Das Spiel dauert 2x7 Minuten
Von Gerrit Booms
Fußball verbindet. Ein ebenso kurzer wie prägnanter Satz, der auch deswegen schon lange zur Plattitüde verkommen ist. Doch in den Hinterhöfen und auf den Bolzplätzen zeigt sich sein wahrer Kern. Den haben auch Mel Young und Harald Schmied erkannt und deswegen den »Homeless World Cup« ins Leben gerufen, der Obdachlose ermutigen soll, sich in die Gesellschaft zurückzukämpfen. Seit 2003 spielen jedes Jahr Hunderte mehr oder minder junge Männer um drei Pokale – und für eine wichtige Chance in ihrem Leben. Denn jeder Obdachlose darf nur einmal an dem Turnier teilnehmen. Kicking It begleitet einige von ihnen auf genau diesem Weg.

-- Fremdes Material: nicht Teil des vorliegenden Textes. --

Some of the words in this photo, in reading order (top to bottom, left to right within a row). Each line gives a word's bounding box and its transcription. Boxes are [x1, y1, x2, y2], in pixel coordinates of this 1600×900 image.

Susan Koch und Jeff Werner stellen einige Protagonisten der Weltmeisterschaft 2006 in Südafrika vor. Die kommen aus Irland, Kenia, den USA, Spanien, Russland oder auch Afghanistan. Die Männer zwischen Anfang 20 und Mitte 60 haben sehr unterschiedliche Vorgeschichten – und sie verfolgen alle ihr ganz eigenes Ziel, das wird schnell deutlich. Mal ist dies sehr lebensnah und realistisch, mal absolut an den Haaren herbeigezogen und eigentlich nur ein Wunschtraum. So möchte der eine aus der sportlichen Herausforderung Kraft im Kampf gegen seine Drogensucht schöpfen, der andere gerne für den Profifußball gescoutet werden. Ganz ähnlich verhält es sich im Übrigen mit den Ambitionen der sportlichen Leitungen. Während die einen ihren Mannschaften eine schöne Zeit bescheren wollen, in der sie Sonne, Strand und Sport genießen können, setzen die anderen ihre Spieler unter Druck. Für sie zählt einzig der sportliche Erfolg, mit dem im eigenen Land auf die Verhältnisse der Obdachlosen aufmerksam gemacht werden soll.

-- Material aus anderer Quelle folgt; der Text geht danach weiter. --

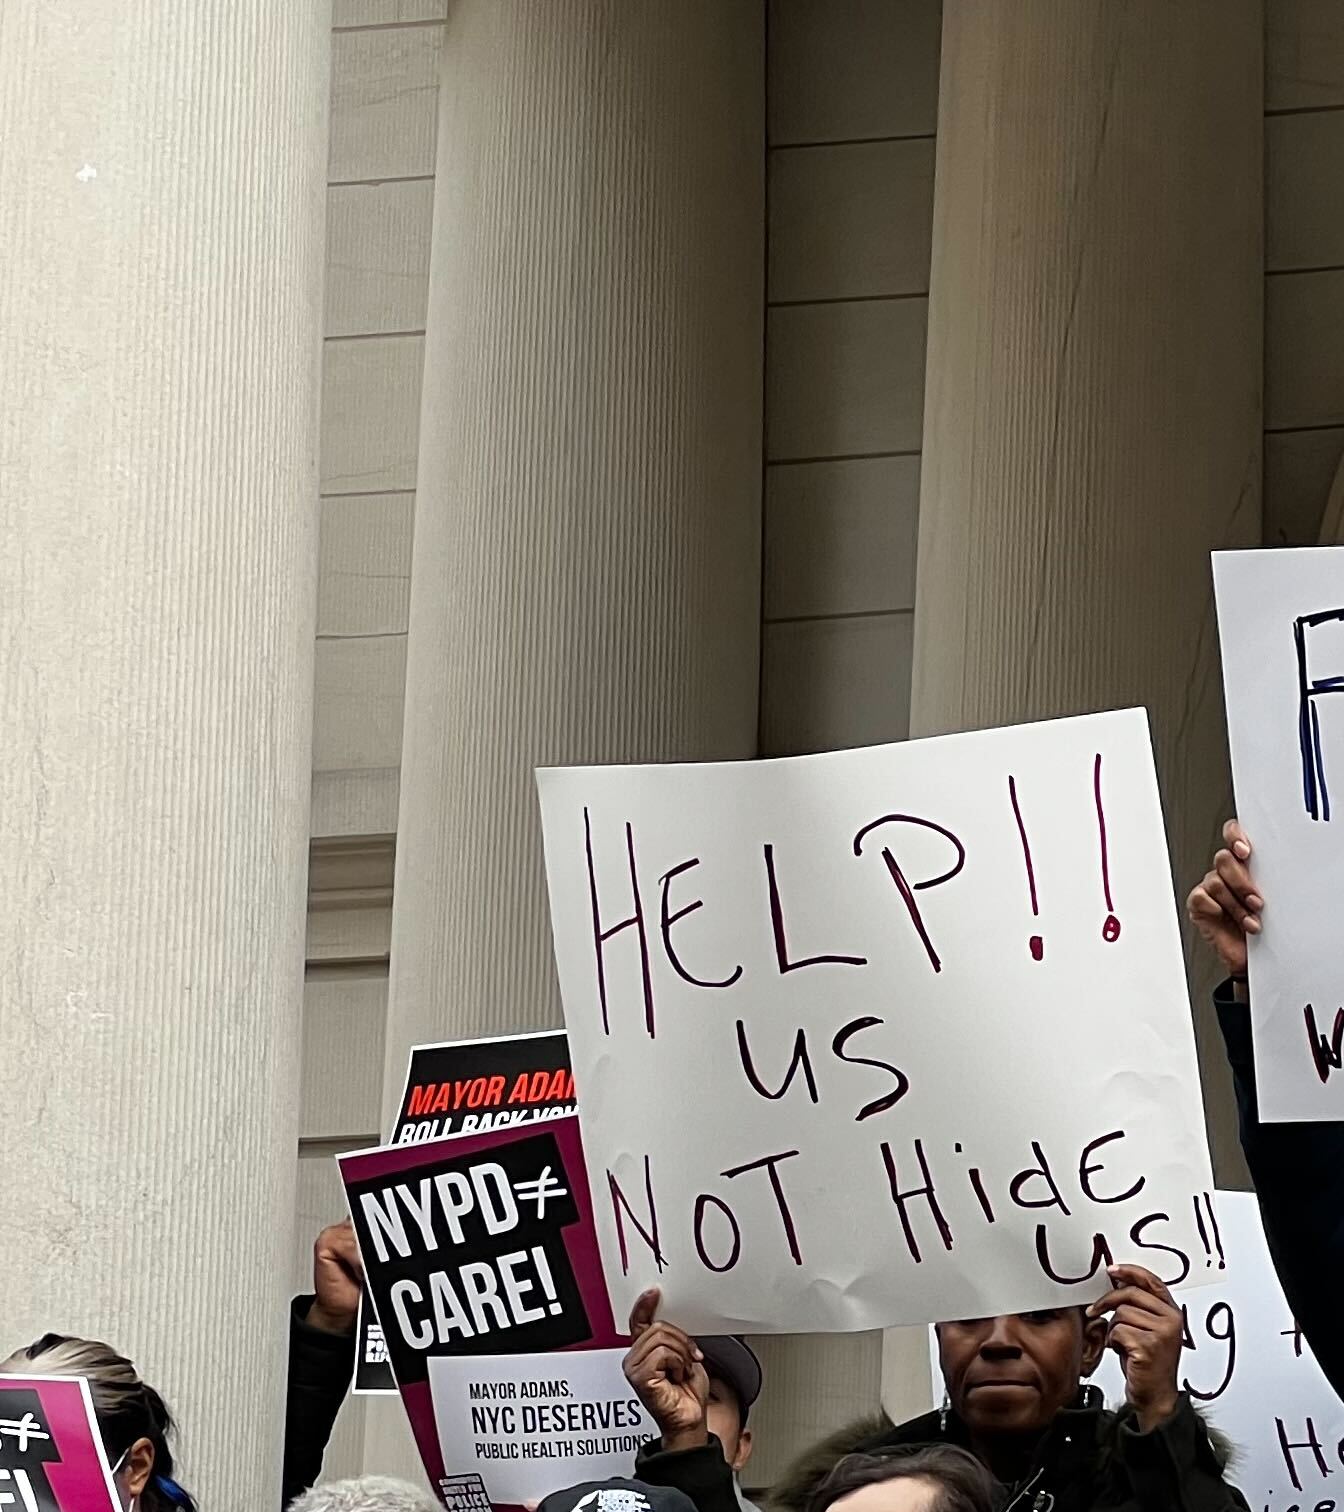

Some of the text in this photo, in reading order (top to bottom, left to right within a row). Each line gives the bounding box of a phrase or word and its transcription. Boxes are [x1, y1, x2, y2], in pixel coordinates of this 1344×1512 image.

Durch schlichte Begleitung filtert Kicking It nach und nach ehrliche Emotionen und archetypische Motive heraus. Der »Homeless World Cup« entpuppt sich so als Spiegelbild der menschlichen Befindlichkeit. Und die Obdachlosen zeigen sich, dem Wortsinne entsprechend, ebenso zivilisiert wie jeder andere. Ihre Hoffnungen und Wünsche, ihre Ziele und Blauäugigkeiten, ihre Wut und Angst, das sind die Geschichten neben dem kleinen Street-Soccer-Feld – und der Rahmen für die Komödien und Tragödien, die wie so oft ganz nah beieinander liegen. Nicht umsonst fällt immer wieder das Stichwort »Würde«.
Sicherlich waren dabei dramaturgische Kniffe im Spiel. Es hat nachweislich nachträgliche Aufnahmen gegeben, die Arbeit von mehreren Units. Das ist bei einem so kleinen Filmprojekt und so großer räumlicher Ausbreitung aber auch durchaus verständlich. Bei Spielern aus insgesamt 48 Nationen können die Geschichten nicht alle im Vorhinein gefunden werden. Es ist dann der hervorragende Schnitt, der den Film im Fluß hält und der Dokumentation einen Hauch von Live-Reportage verleiht. Unter diesem Aspekt ist Kicking It absolut sehenswert – und ein ernsthafter Beitrag zur Reintegration. Gut, daß sich drei Jahre nach seinem Erscheinen auch ein deutscher Verleih finden ließ. Die anstehende Profi-Fußball-WM macht es wohl möglich. Fußball verbindet eben.